Data records section start
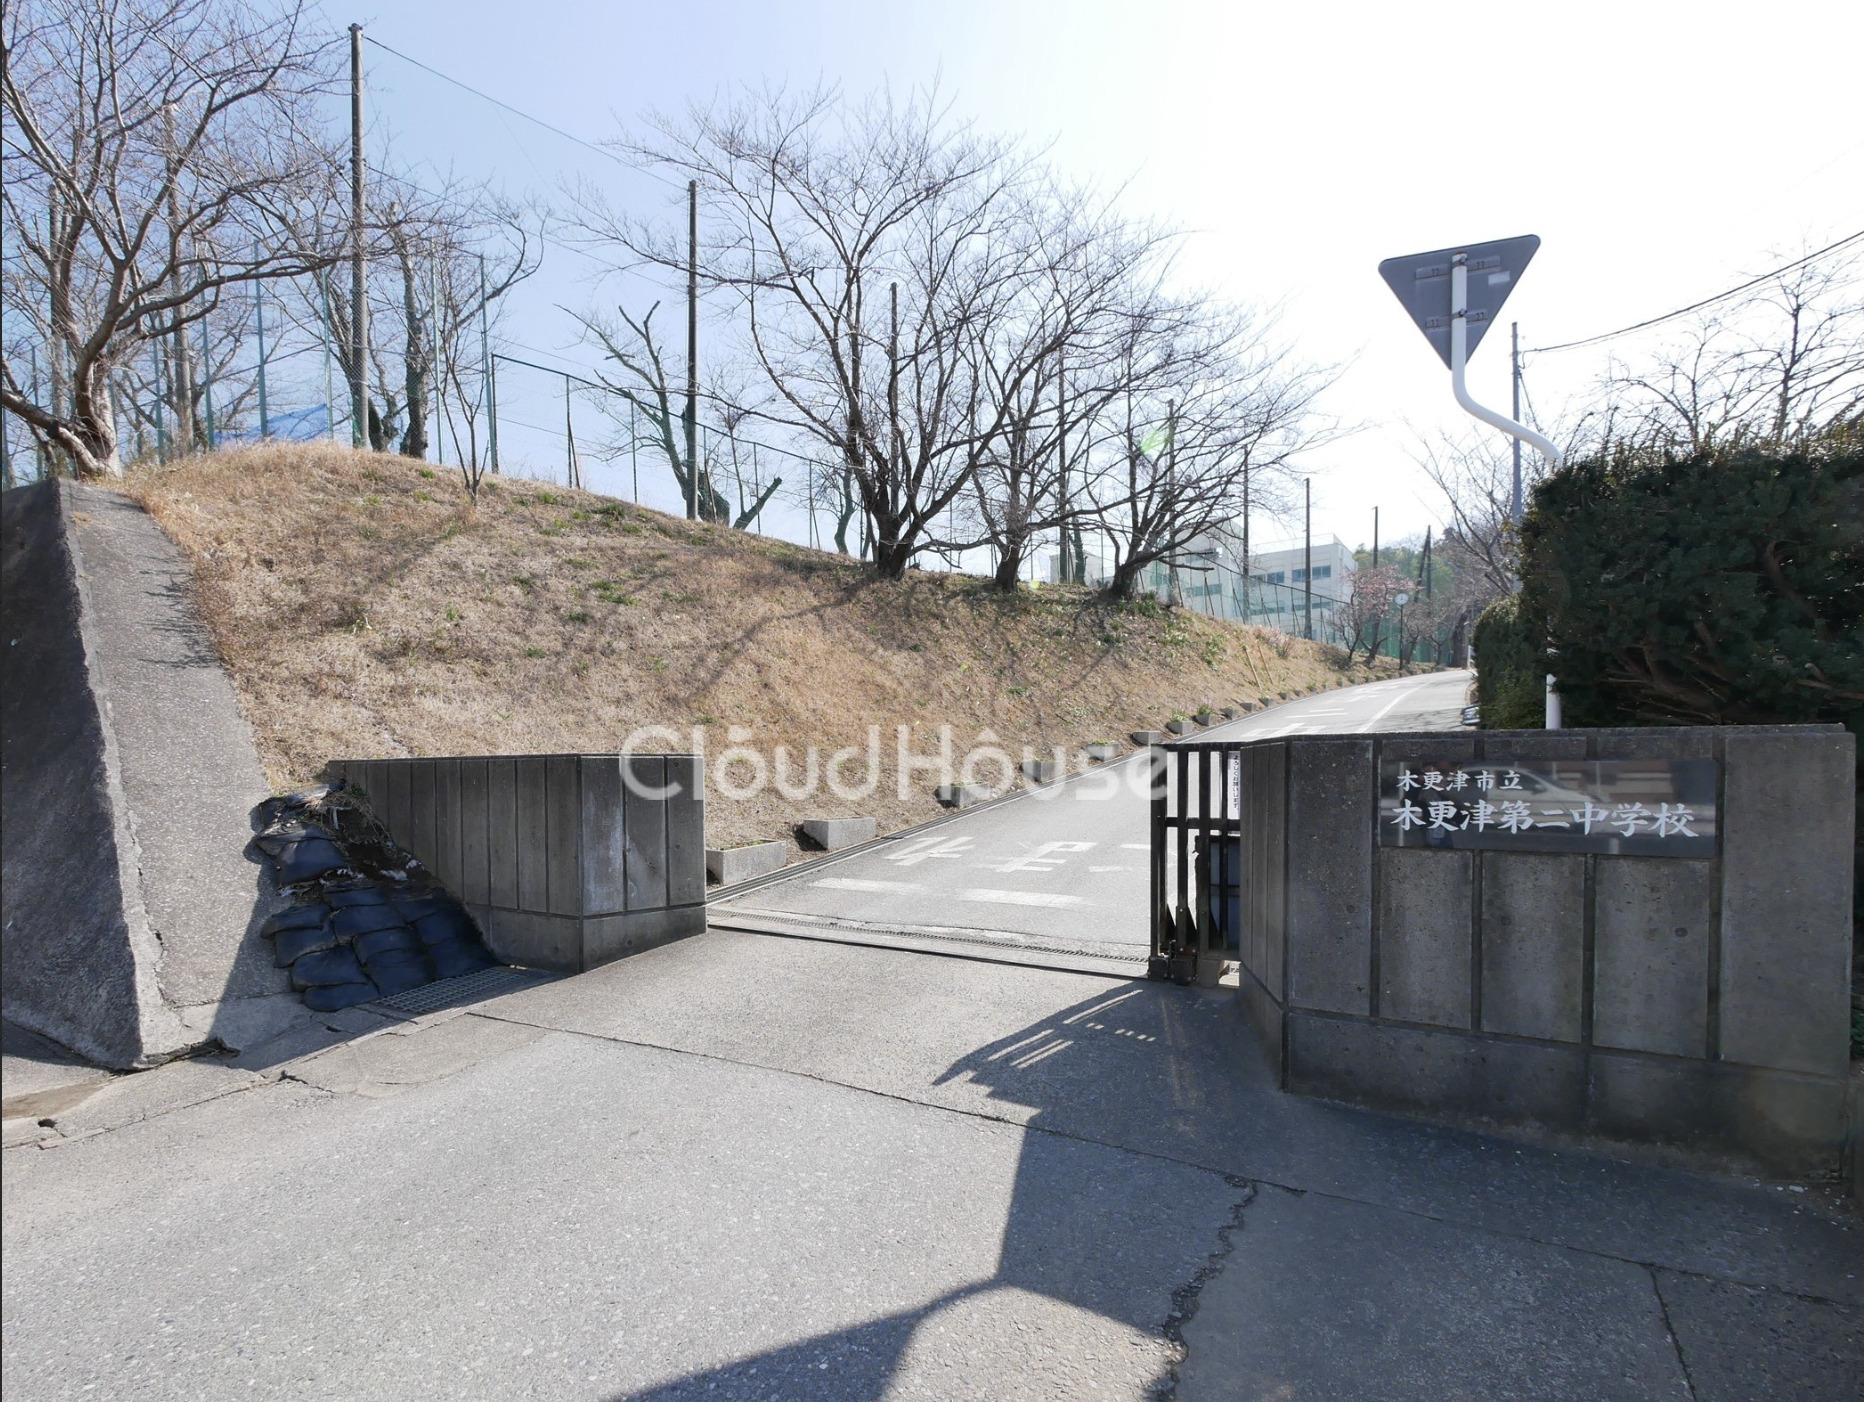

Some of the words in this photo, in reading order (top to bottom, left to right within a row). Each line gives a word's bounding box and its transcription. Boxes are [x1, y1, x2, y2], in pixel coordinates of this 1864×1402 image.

[1396, 770, 1523, 792] 木更津市立
[1391, 799, 1699, 838] 木更津第二中学校
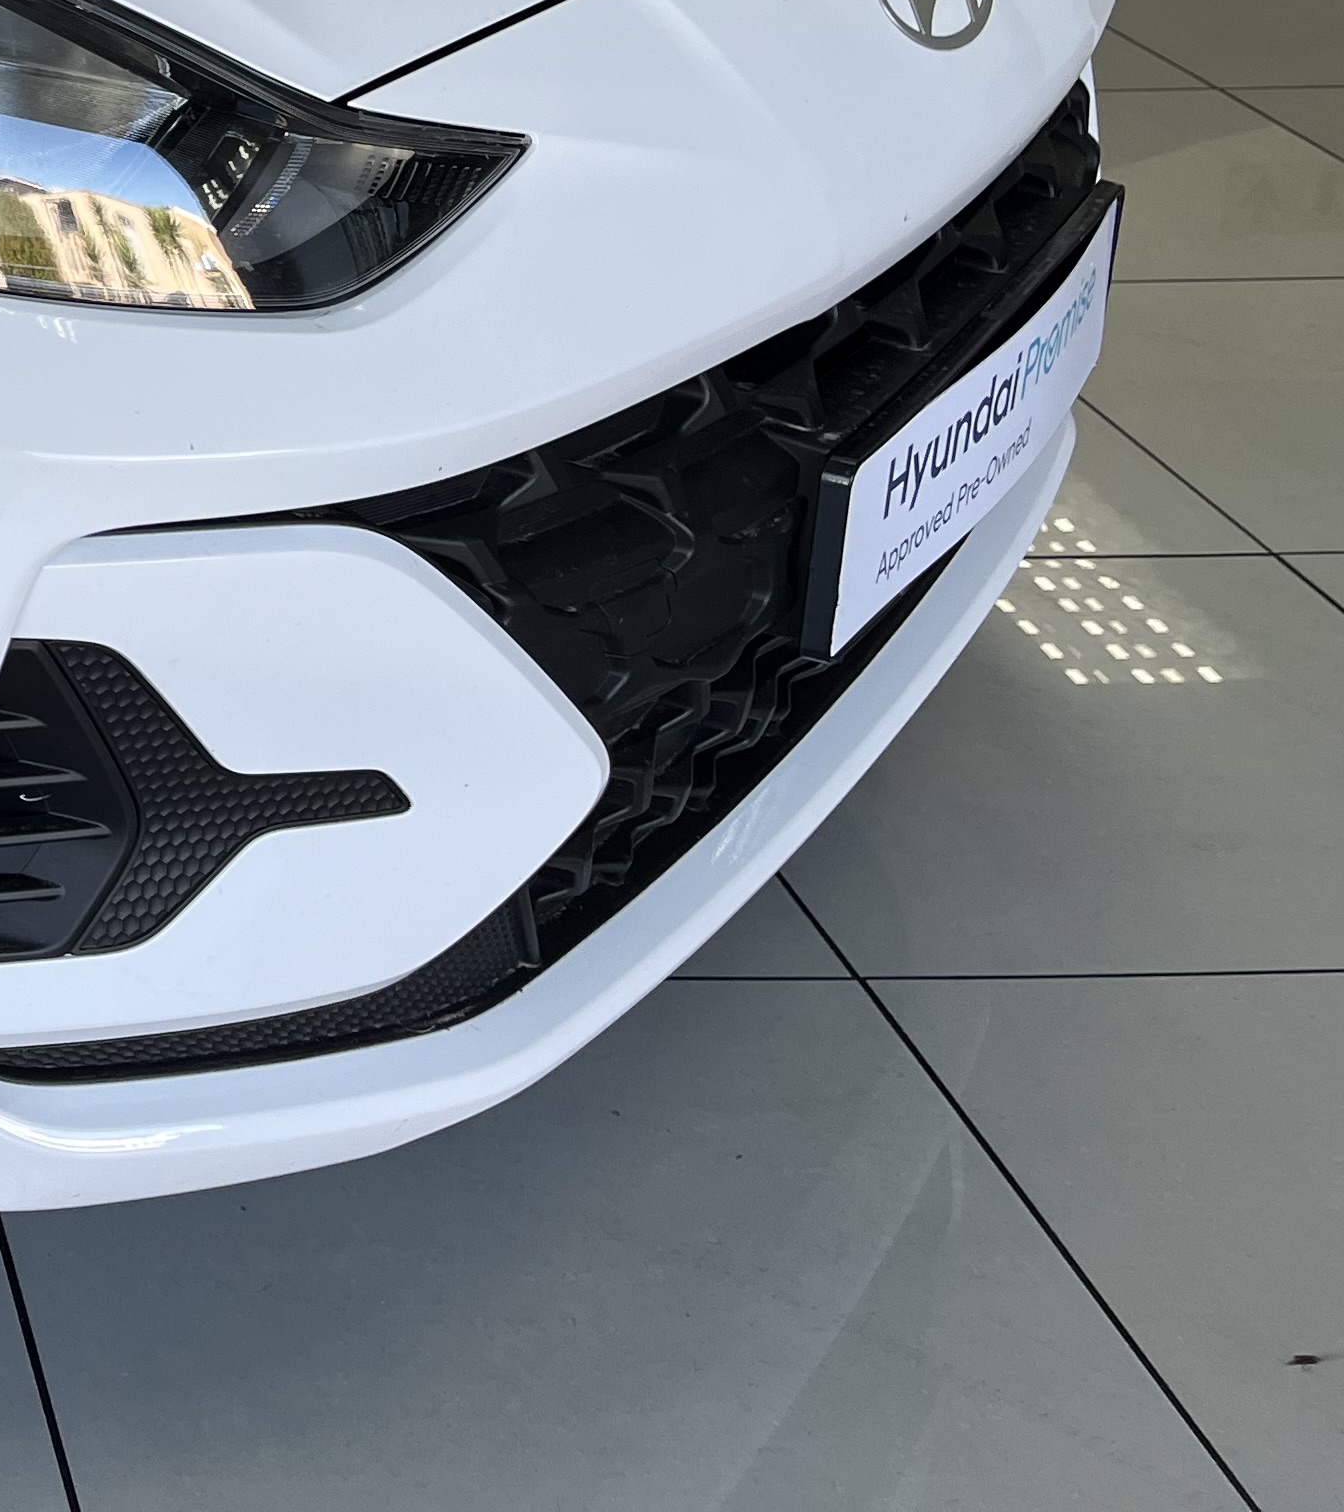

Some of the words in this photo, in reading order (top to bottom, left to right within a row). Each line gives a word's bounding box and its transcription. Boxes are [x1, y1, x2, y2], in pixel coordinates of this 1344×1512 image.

[882, 351, 1024, 520] Hyundai
[1020, 264, 1097, 400] Promise
[875, 499, 954, 584] Approved
[955, 418, 1032, 516] Pre-Owned
Data records section end
■ Assignment
Line by line, print the records above exactly, skipping each picture.

■ Your response
Some of the words in this photo, in reading order (top to bottom, left to right within a row). Each line gives a word's bounding box and its transcription. Boxes are [x1, y1, x2, y2], in pixel coordinates of this 1864×1402 image.

[1396, 770, 1523, 792] 木更津市立
[1391, 799, 1699, 838] 木更津第二中学校

Some of the words in this photo, in reading order (top to bottom, left to right within a row). Each line gives a word's bounding box and its transcription. Boxes are [x1, y1, x2, y2], in pixel coordinates of this 1344×1512 image.

[882, 351, 1024, 520] Hyundai
[1020, 264, 1097, 400] Promise
[875, 499, 954, 584] Approved
[955, 418, 1032, 516] Pre-Owned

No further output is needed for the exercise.